Normally, in U.S. congressional politics, when a long-time incumbent retires, it elevates the opportunity for the other party to capture the seat. In the case of Michele Bachmann’s sudden departure, announced Wednesday, the conventional wisdom holds that the opposite is the case.
Democrat Jim Graves came within 1.2 percentage points of upsetting Bachmann in 2012 and had already announced he would try again in 2014. Graves still plans to run against whichever of the dozen or more Republicans currently contemplating the race ends up as the nominee.
Purely on the basis of the partisan lean of the Minnesota 6th District, the current assumption is that Graves had a better chance against Bachmann than someone else. Charlie Cook, who analyzes every congressional district based on multiple factors, rates the district “R +10,” which means a generic Republican should start out with roughly a 10-percentage-point lead over a generic Democrat. That makes the 6th the most Republican-leaning district in Minnesota. The 2011 redistricting map increased the Republican lean of the 6th. In 2012, Mitt Romney carried the 6th District with 56 percent of the vote, his best district in Minnesota.
Of course, Graves is not a generic Democrat. He is an ideological moderate, with a business background, personal wealth, a likeable if low-key personality, and the advantages in name recognition and political experience of having just run a close race for the seat. But, as of Wednesday, he lost one of his biggest political assets, namely that he was the vehicle around which Democrats and moderate Republicans could express their distaste for Bachmann.
In April, when I wrote that Bachmann was increasingly likely to retire from Congress, I relied significantly on the growing understanding in Republican circles that she had become a liability to her party, requiring ever-increasing levels of money and drama to hold a seat that should be safe for a generic Republican.

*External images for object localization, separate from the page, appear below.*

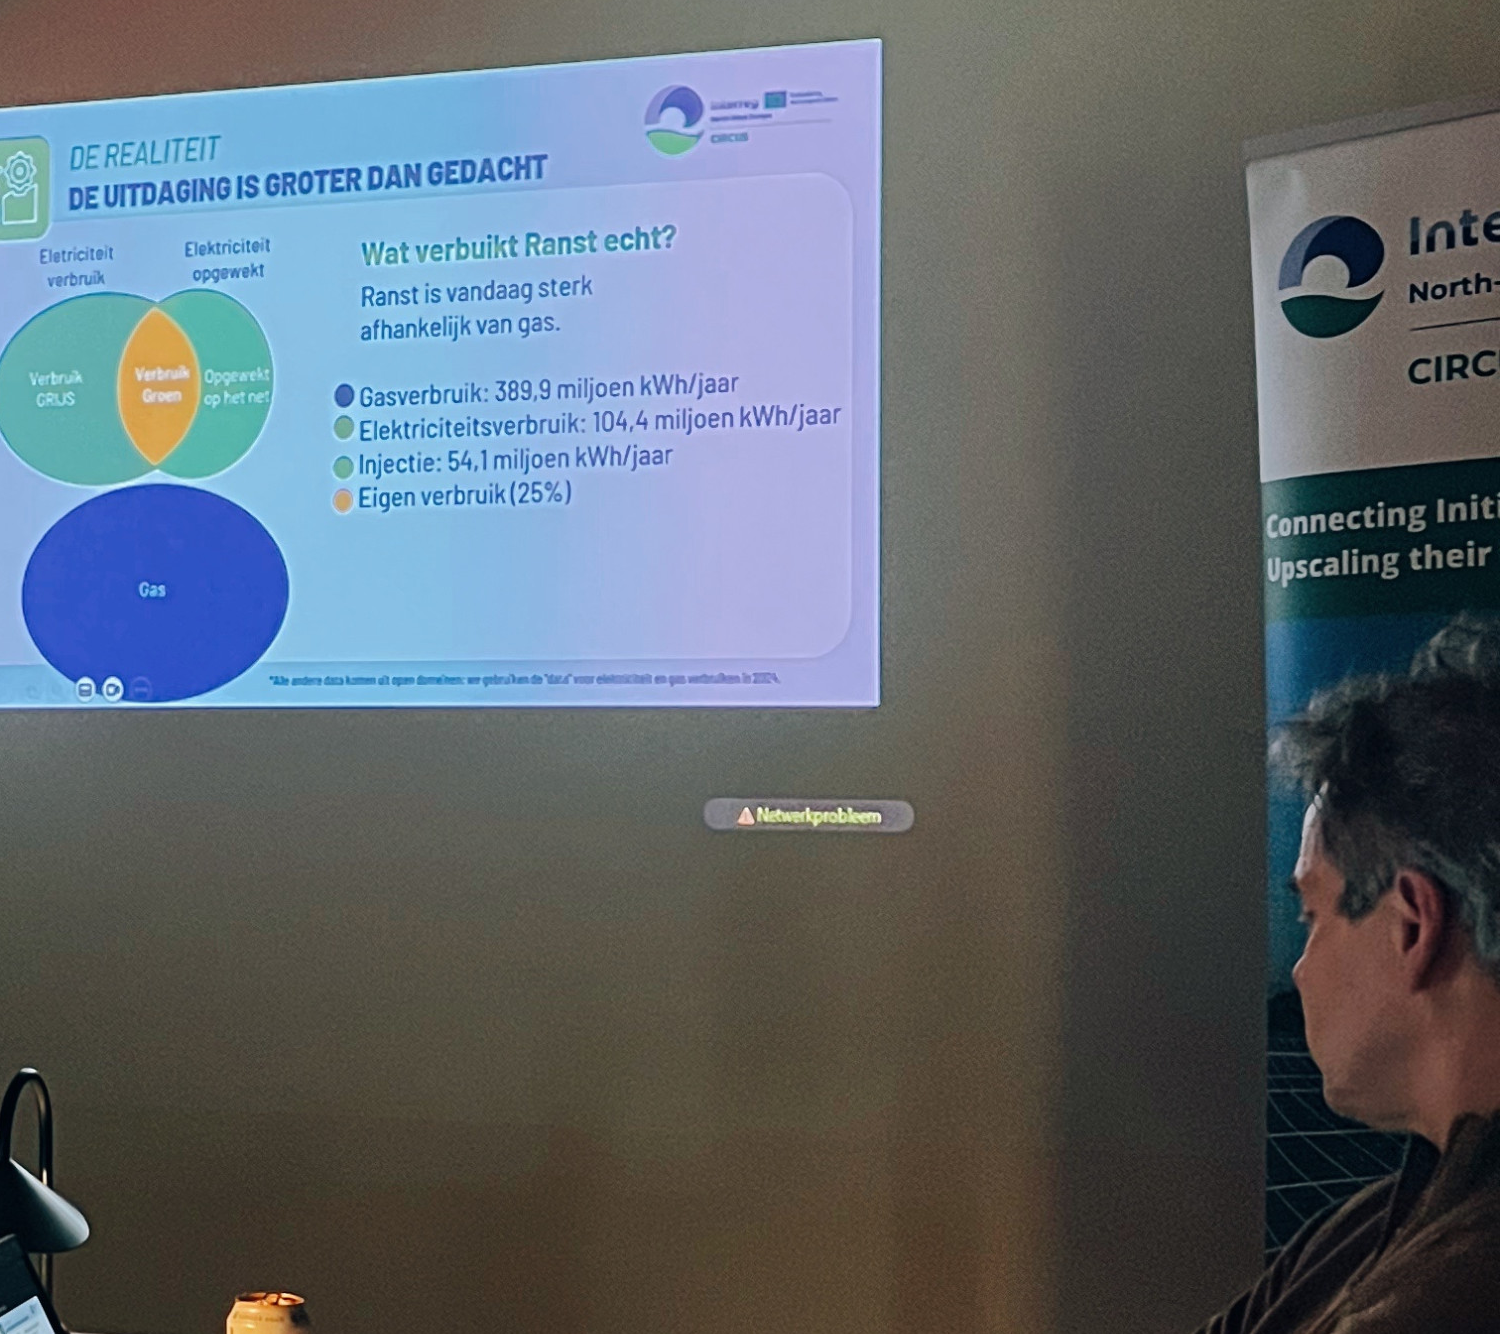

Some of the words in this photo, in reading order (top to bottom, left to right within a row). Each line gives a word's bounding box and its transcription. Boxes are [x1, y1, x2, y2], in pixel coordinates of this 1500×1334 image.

[70, 144, 100, 171] DE
[104, 135, 222, 168] REALITEIT
[68, 185, 99, 211] DE
[104, 176, 231, 208] UITDAGING
[236, 175, 260, 200] IS
[265, 164, 361, 198] GROTER
[368, 160, 421, 190] DAN
[426, 154, 548, 187] GEDACHT
[184, 237, 271, 258] Elektriciteit
[362, 242, 410, 266] Wat
[416, 233, 518, 263] verbuikt
[525, 230, 597, 259] Ranst
[604, 224, 677, 254] echt?
[1410, 209, 1500, 255] Inte
[47, 271, 106, 288] verbruik
[192, 263, 265, 284] opgewekt
[361, 282, 418, 307] Ranst
[424, 282, 442, 305] is
[446, 277, 533, 307] vandaag
[538, 275, 593, 299] sterk
[360, 316, 471, 342] afhankelijk
[476, 317, 512, 336] van
[518, 314, 561, 340] gas.
[204, 367, 270, 386] Opgewekt
[1408, 350, 1500, 384] CIRC
[204, 393, 221, 409] op
[223, 390, 245, 405] het
[248, 390, 270, 404] net
[359, 382, 489, 409] Gasverbruik:
[494, 378, 551, 405] 389,9
[557, 375, 634, 404] miljoen
[640, 372, 739, 399] kWh/jaar
[359, 412, 587, 443] Elektriciteitsverbruik:
[592, 410, 649, 436] 104,4
[654, 407, 734, 435] miljoen
[739, 404, 842, 432] kWh/jaar
[358, 449, 442, 479] Injectie:
[447, 449, 488, 474] 54,1
[493, 447, 570, 475] miljoen
[575, 444, 674, 470] kWh/jaar
[358, 485, 416, 514] Eigen
[422, 482, 505, 507] verbruik
[509, 479, 572, 506] (25%)
[1266, 501, 1427, 538] Connecting
[1267, 548, 1401, 588] Upscaling
[1409, 540, 1493, 571] their
[139, 581, 166, 598] Gas
[757, 807, 882, 827] Netwerkprobleem
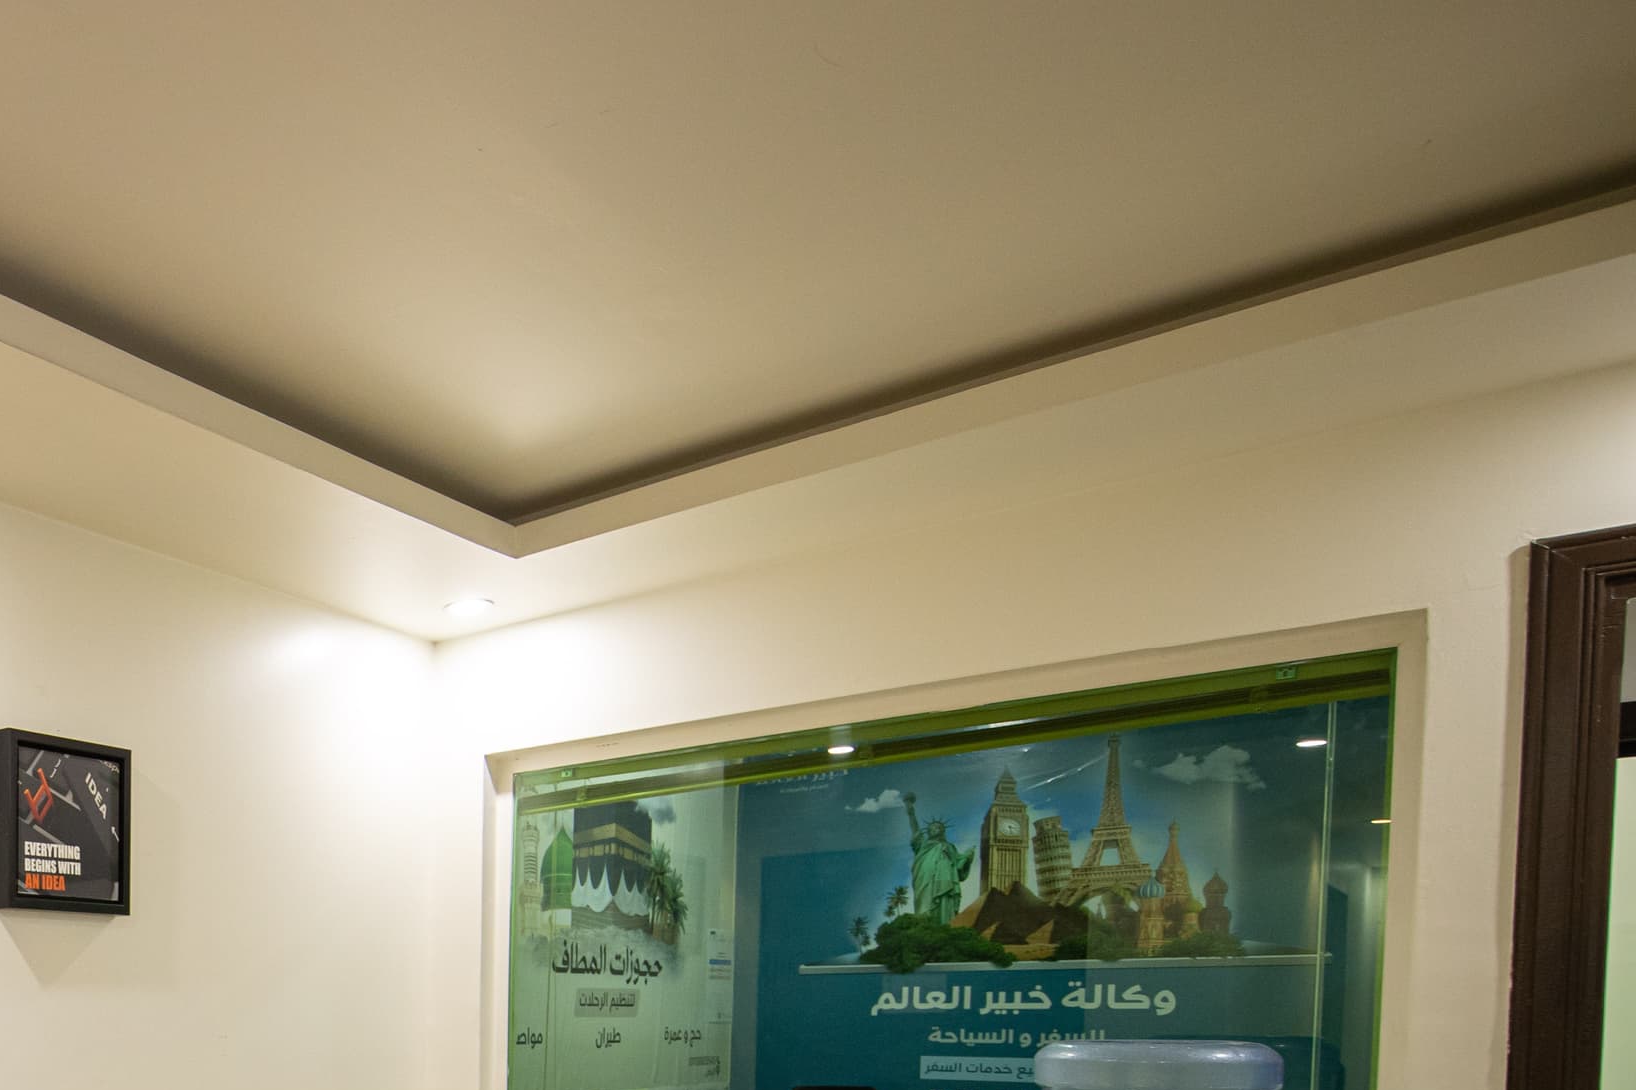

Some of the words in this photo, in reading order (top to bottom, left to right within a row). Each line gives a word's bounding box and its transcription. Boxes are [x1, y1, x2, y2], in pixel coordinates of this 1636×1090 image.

Of course, we won’t know for a long time who will be the Republican nominee to replace Bachmann nor what level of intra-party bloodletting might weaken that nominee on the way to a race against Graves. But, just based on the lean of the district, he faces an uphill battle.
I asked Nathan Gonzales of the Rothenberg Political Report how many Democrats currently represent districts with a stronger Republican lean than the Minnesota 6th.
Gonzales’ answer: Three.
Using the size of the Romney vote in 2012 as the indicator of generic Republican strength, Gonzales found that of the 201 House Democrats, just three represents districts that were better for Romney than the Minnesota Sixth.
State | District | Romney percentage | Current Democratic representative |
Utah | 4th | 67% | Jim Matheson |
West Virginia | 3rd | 65% | Nick Rahall |
North Carolina | 7th | 59% | Jim McIntyre |
If Graves had won, the Minnesota 6th District, with a Romney percentage of 56, would fit here on the list | |||
Georgia | 4th | 55% | John Barrow |
Minnesota | 7th | 54% | Collin Peterson |
Source: Nathan Gonzales of the Rothenberg Political Report
All five of the Democrats on the list, by the way, are members of the fiscally conservative Blue Dog Coalition.